#### Dataset extract:
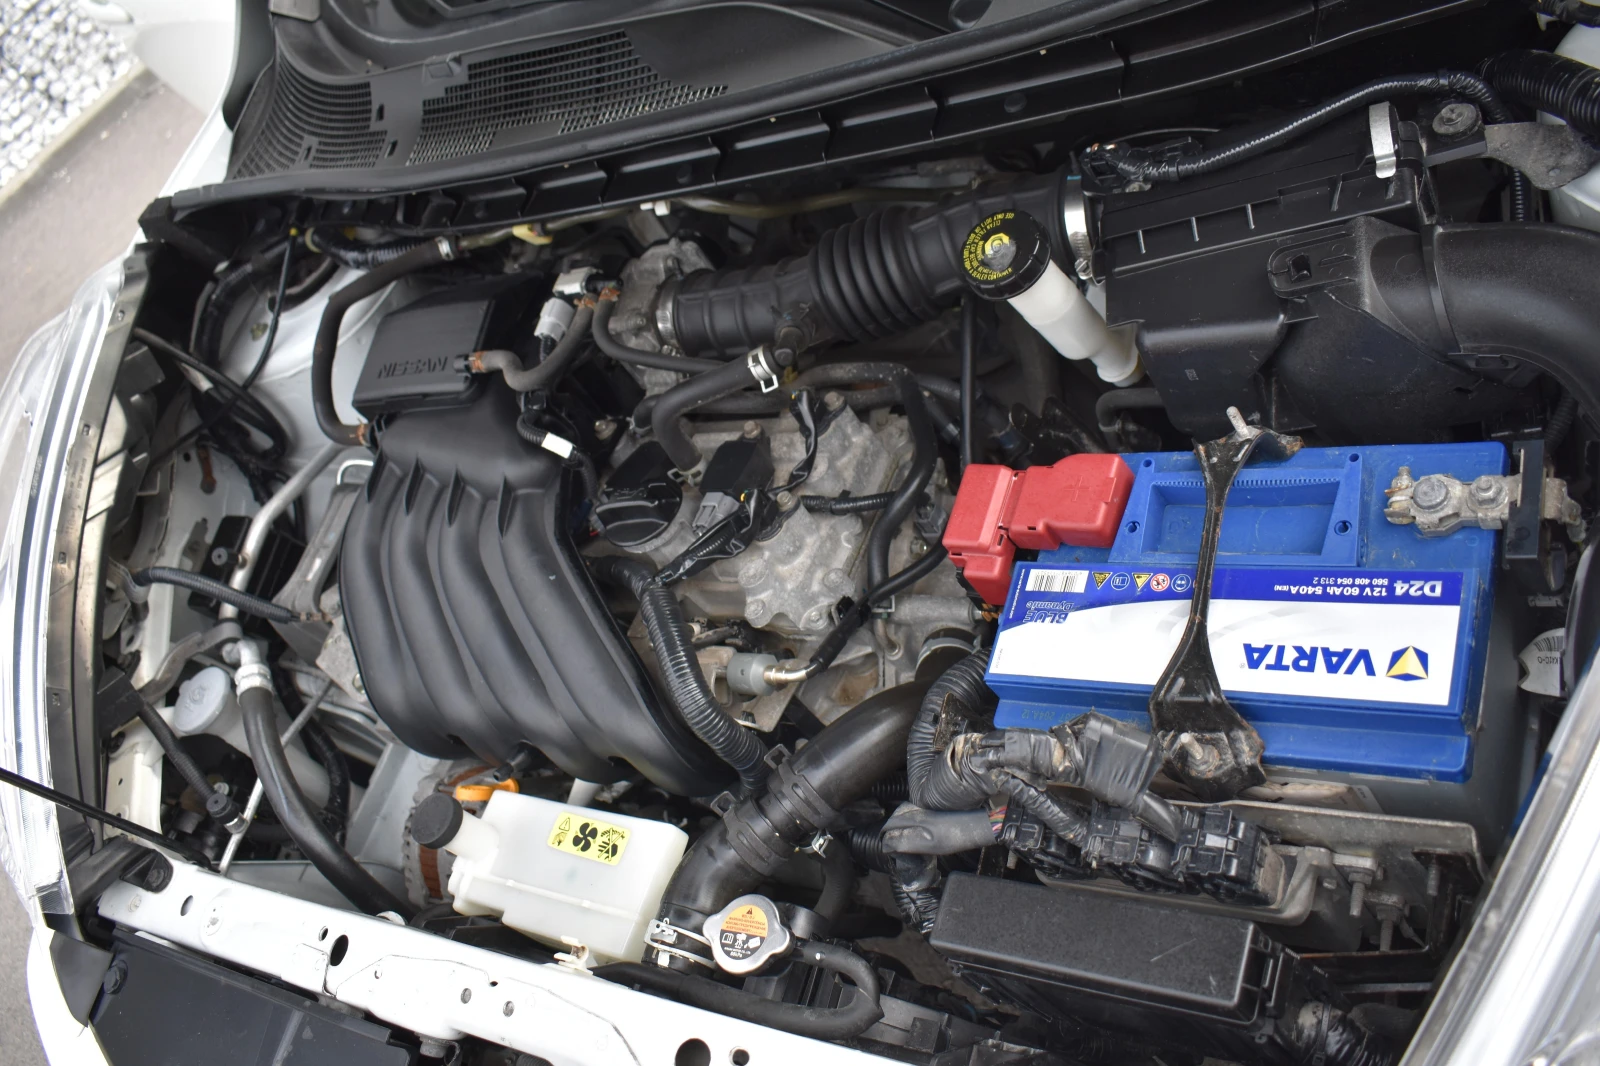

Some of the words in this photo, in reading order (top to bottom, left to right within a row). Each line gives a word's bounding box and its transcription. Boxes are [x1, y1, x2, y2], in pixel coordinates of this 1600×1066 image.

[986, 220, 1000, 230] CLEAN
[974, 229, 986, 242] FILLER
[376, 356, 449, 379] NISSAN
[1320, 577, 1336, 585] 313
[1337, 577, 1353, 585] 054
[1354, 577, 1371, 585] 408
[1372, 578, 1389, 586] 560
[1326, 586, 1360, 596] 60Ah
[1363, 586, 1388, 597] 12V
[1393, 580, 1443, 598] D24
[1026, 601, 1074, 612] Dynamic
[1022, 610, 1069, 624] BLUE
[1243, 643, 1377, 677] VARTA
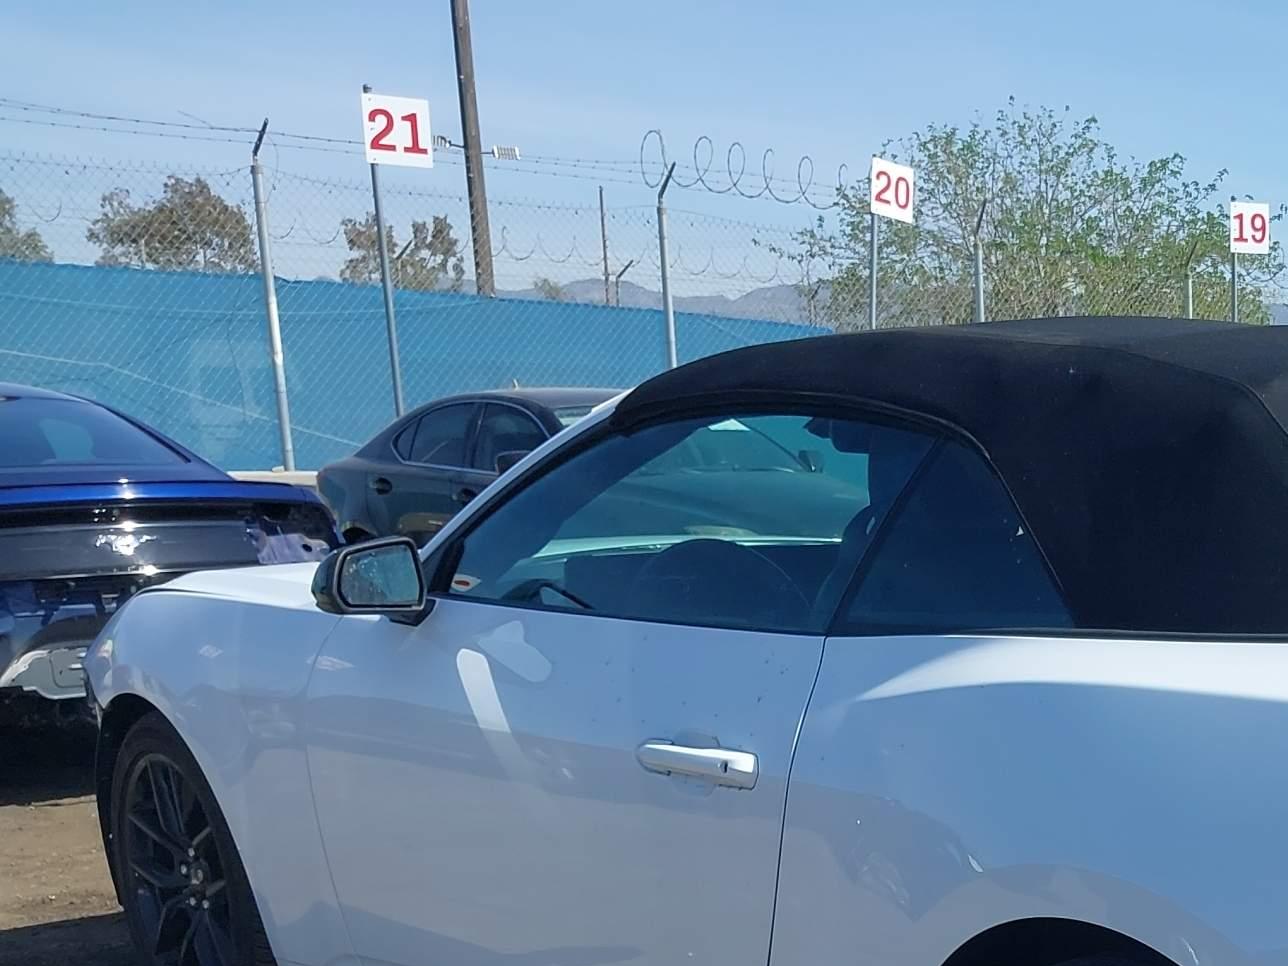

#### Your assignment:
Please retype the records above exactly, excluding every picture.

#### Exercise response:
Some of the words in this photo, in reading order (top to bottom, left to right within a row). Each line gives a word's bounding box and its transcription. Boxes are [x1, y1, x2, y2], in pixel coordinates of this 1600×1066 image.

[986, 220, 1000, 230] CLEAN
[974, 229, 986, 242] FILLER
[376, 356, 449, 379] NISSAN
[1320, 577, 1336, 585] 313
[1337, 577, 1353, 585] 054
[1354, 577, 1371, 585] 408
[1372, 578, 1389, 586] 560
[1326, 586, 1360, 596] 60Ah
[1363, 586, 1388, 597] 12V
[1393, 580, 1443, 598] D24
[1026, 601, 1074, 612] Dynamic
[1022, 610, 1069, 624] BLUE
[1243, 643, 1377, 677] VARTA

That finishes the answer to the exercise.